June 12 (Bloomberg) -- Cambodia's government, led by Prime Minister Hun Sen, is using the justice system to intimidate journalists and the opposition before next month's general elections, Amnesty International and Human Rights Watch said.

Dam Sith, a candidate of the Sam Rainsy Party and editor of the Khmer Conscience newspaper, was arrested for questioning the role of Hor Namhong, the foreign minister, during the rule of the Khmer Rouge movement, the groups said in a statement.

The arrest ``demonstrates how the criminal justice system is used and abused to silence government critics,'' said Brittis Edman, a researcher at London-based Amnesty. It ``sends a message of fear to journalists and other media workers in the lead-up to national elections.''

The ruling Cambodian People's Party will repeat its victory of 2003 when elections are held July 27 in the South Asian country of 14 million people, Hun Sen said earlier this week. Sam Rainsy spent a year in exile in France from February 2005, during which he was jailed for 18 months in absentia for defaming the prime minister.

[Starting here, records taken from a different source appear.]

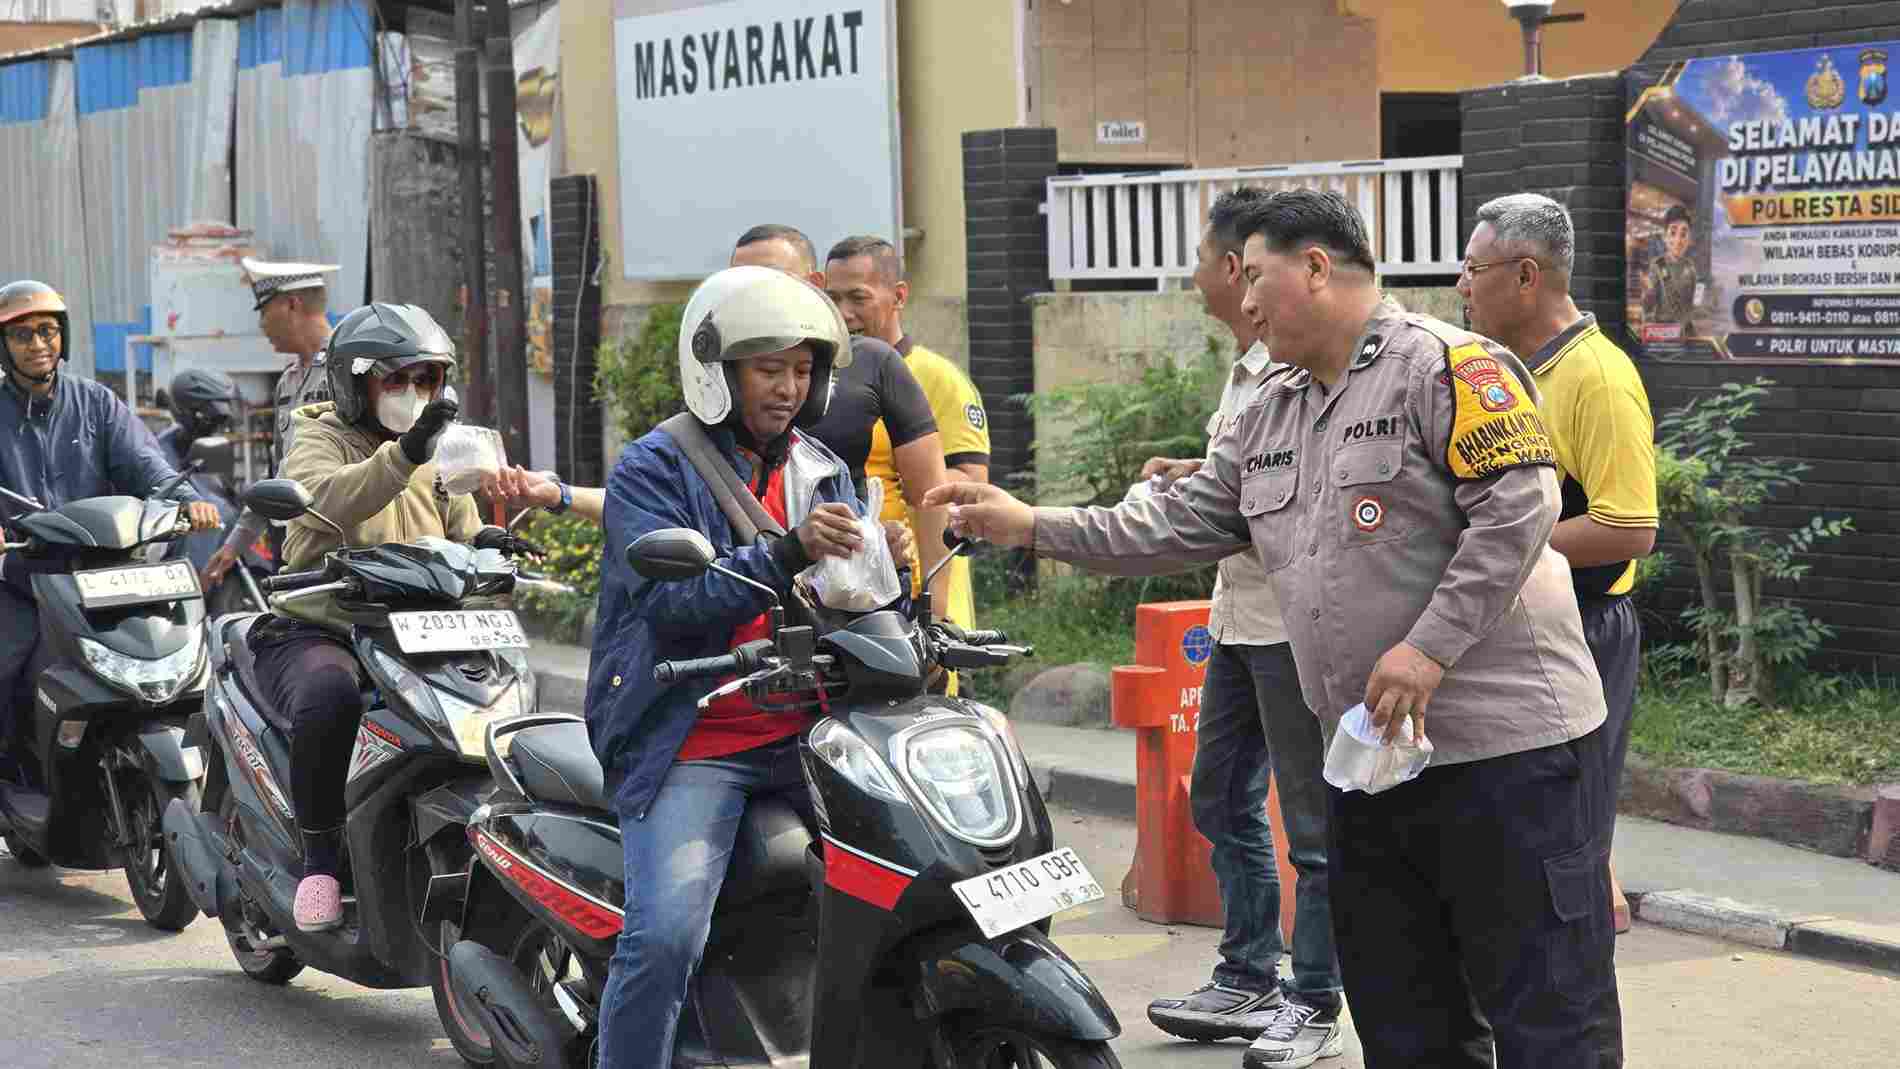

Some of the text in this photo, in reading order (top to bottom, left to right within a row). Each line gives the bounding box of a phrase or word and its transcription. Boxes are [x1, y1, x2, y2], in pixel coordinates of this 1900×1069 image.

[634, 10, 863, 100] MASYARAKAT
[1102, 123, 1141, 139] Toilet
[1728, 114, 1859, 151] SELAMAT
[1722, 148, 1900, 187] DI PELAYANA
[1752, 196, 1862, 220] POLRESTA
[1763, 245, 1814, 260] WILAYAH
[1817, 244, 1855, 259] BEBAS
[1738, 273, 1779, 287] WILAYAH
[1782, 272, 1833, 285] BIROKRASI
[1834, 271, 1868, 285] BERSIH
[1871, 270, 1891, 284] DAN
[1770, 339, 1807, 353] POLRI
[1810, 339, 1855, 353] UNTUK
[1343, 416, 1397, 443] POLRI
[1246, 450, 1294, 473] CHARIS
[395, 612, 513, 631] W 2037 NGJ
[958, 851, 1081, 909] L 4710 CBF
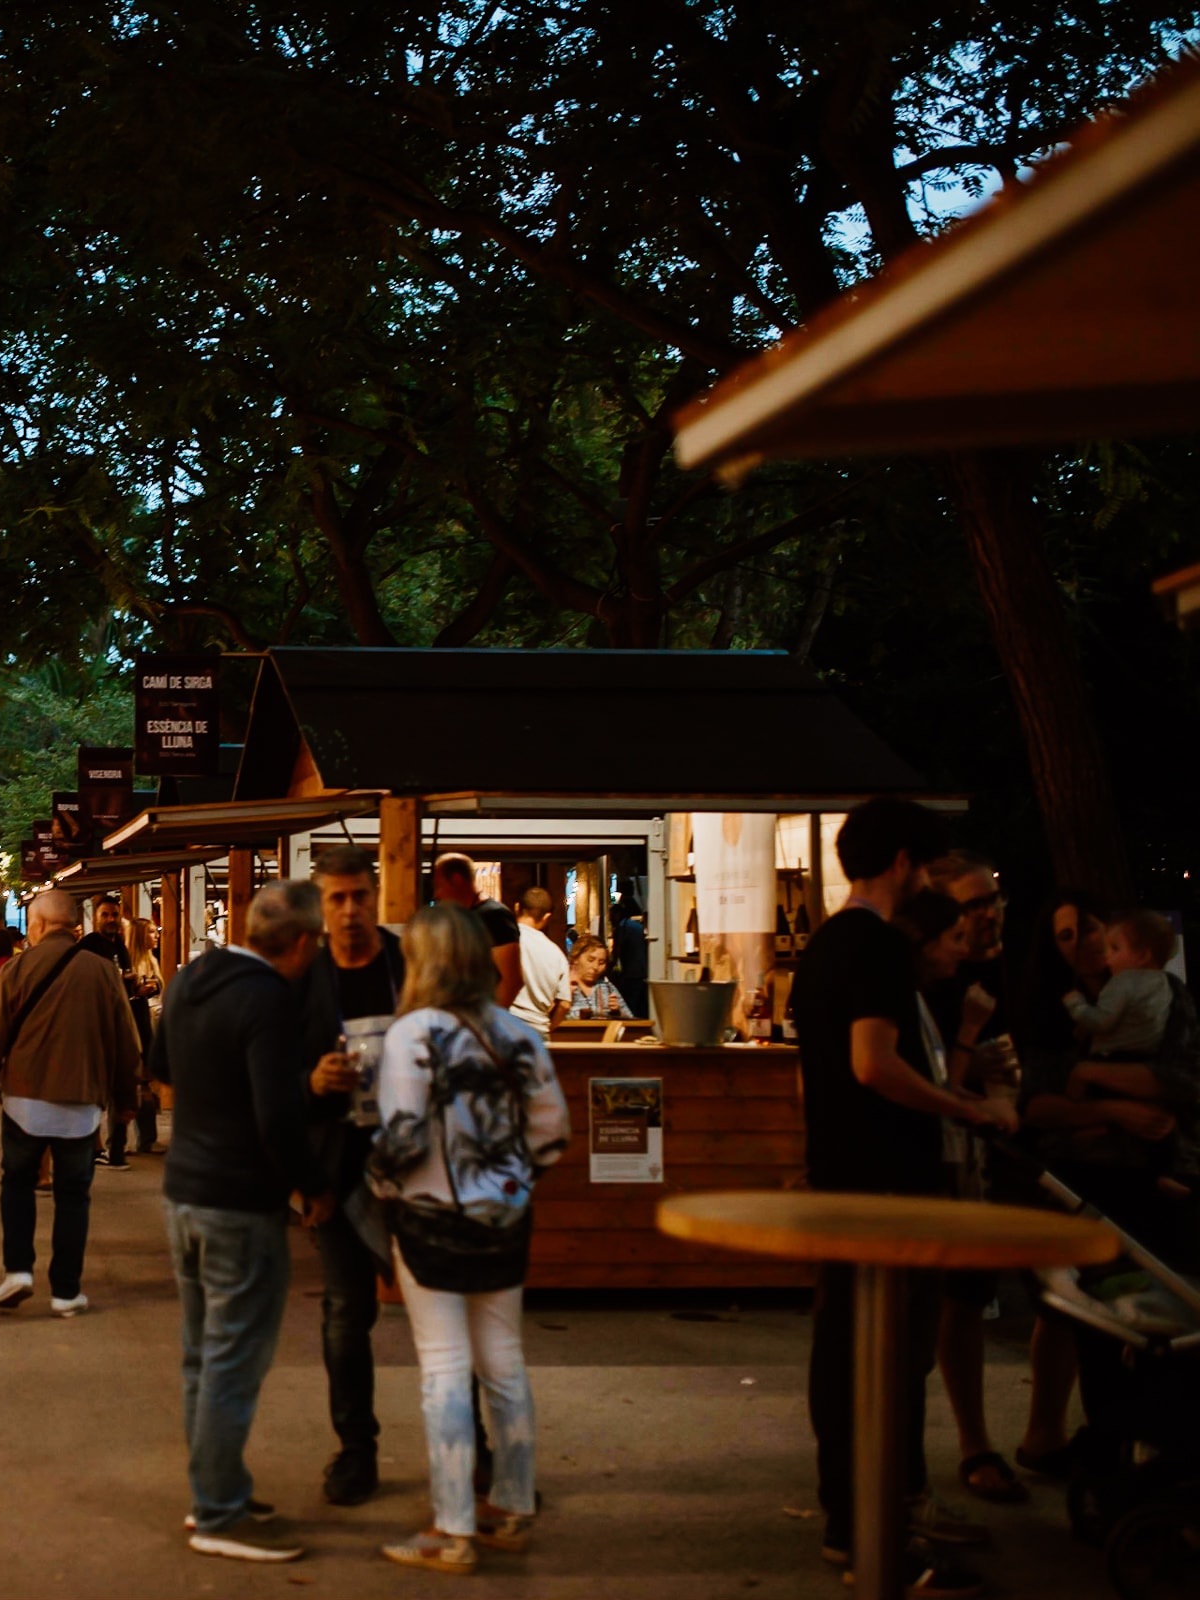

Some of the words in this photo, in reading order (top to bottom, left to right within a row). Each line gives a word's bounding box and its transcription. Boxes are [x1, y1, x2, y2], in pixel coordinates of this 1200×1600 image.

[142, 674, 168, 689] CAMÍ
[169, 676, 182, 689] DE
[184, 676, 213, 689] SIRGA
[147, 718, 193, 733] ESSÈNCIA
[195, 721, 208, 733] DE
[162, 736, 193, 748] LLUNA

Cambodia's economy expanded 9.6 percent in 2007, after growing by at least 10 percent during the previous three years, according to data compiled by the World Bank.

Hun Sen wants to develop oil and mineral resources to attract international investment and reduce Cambodia's dependence on clothing exports and tourism for growth. About a third of the population live on less than 50 cents a day and 90 percent live in rural areas.

Intimidation Pattern

Dam Sith's arrest is part of a pattern of intimidation against the opposition and independent media in the run-up to the election, Amnesty International and Human Rights Watch said.

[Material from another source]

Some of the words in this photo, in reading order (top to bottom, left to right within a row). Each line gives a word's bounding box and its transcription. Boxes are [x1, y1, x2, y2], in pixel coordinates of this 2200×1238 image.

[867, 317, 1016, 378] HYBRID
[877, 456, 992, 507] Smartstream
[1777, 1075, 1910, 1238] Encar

On May 21, Hun Sen threatened the independent Beehive radio station after it broadcast programming from opposition parties, according to the groups. A week later, independent radio station Angkor Ratha had its license, issued less than six months earlier, revoked after it sold air time to opposition parties, the groups said.

Hun Sen said his party may win two-thirds of seats in the 123-member parliament, the Mekong Times reported yesterday.

The party will probably win at least 81 seats, up from 73, and receive 73 percent of the vote versus 64 percent in the 2003 election, the Phnom Penh-based English-language daily cited him as saying. The Sam Rainsy Party won 24 seats in the last ballot.

Hun Sen formed a coalition government in July 2004 with the royalist Funcinpec party, which won 26 seats in 2003.

Opposition Members

Dam Sith, who is running for election in Phnom Penh, was arrested as Hun Sen's CPP presses opposition members to join the party and punishes those who refuse, Amnesty International and Human Rights Watch said.

In March, police detained local Sam Rainsy Party leader Tuot Saron in Kampong Thom. Tuot Saron is still in detention and faces charges of illegal confinement after seeking to assist a former party colleague following her alleged defection to the CPP, according to the groups.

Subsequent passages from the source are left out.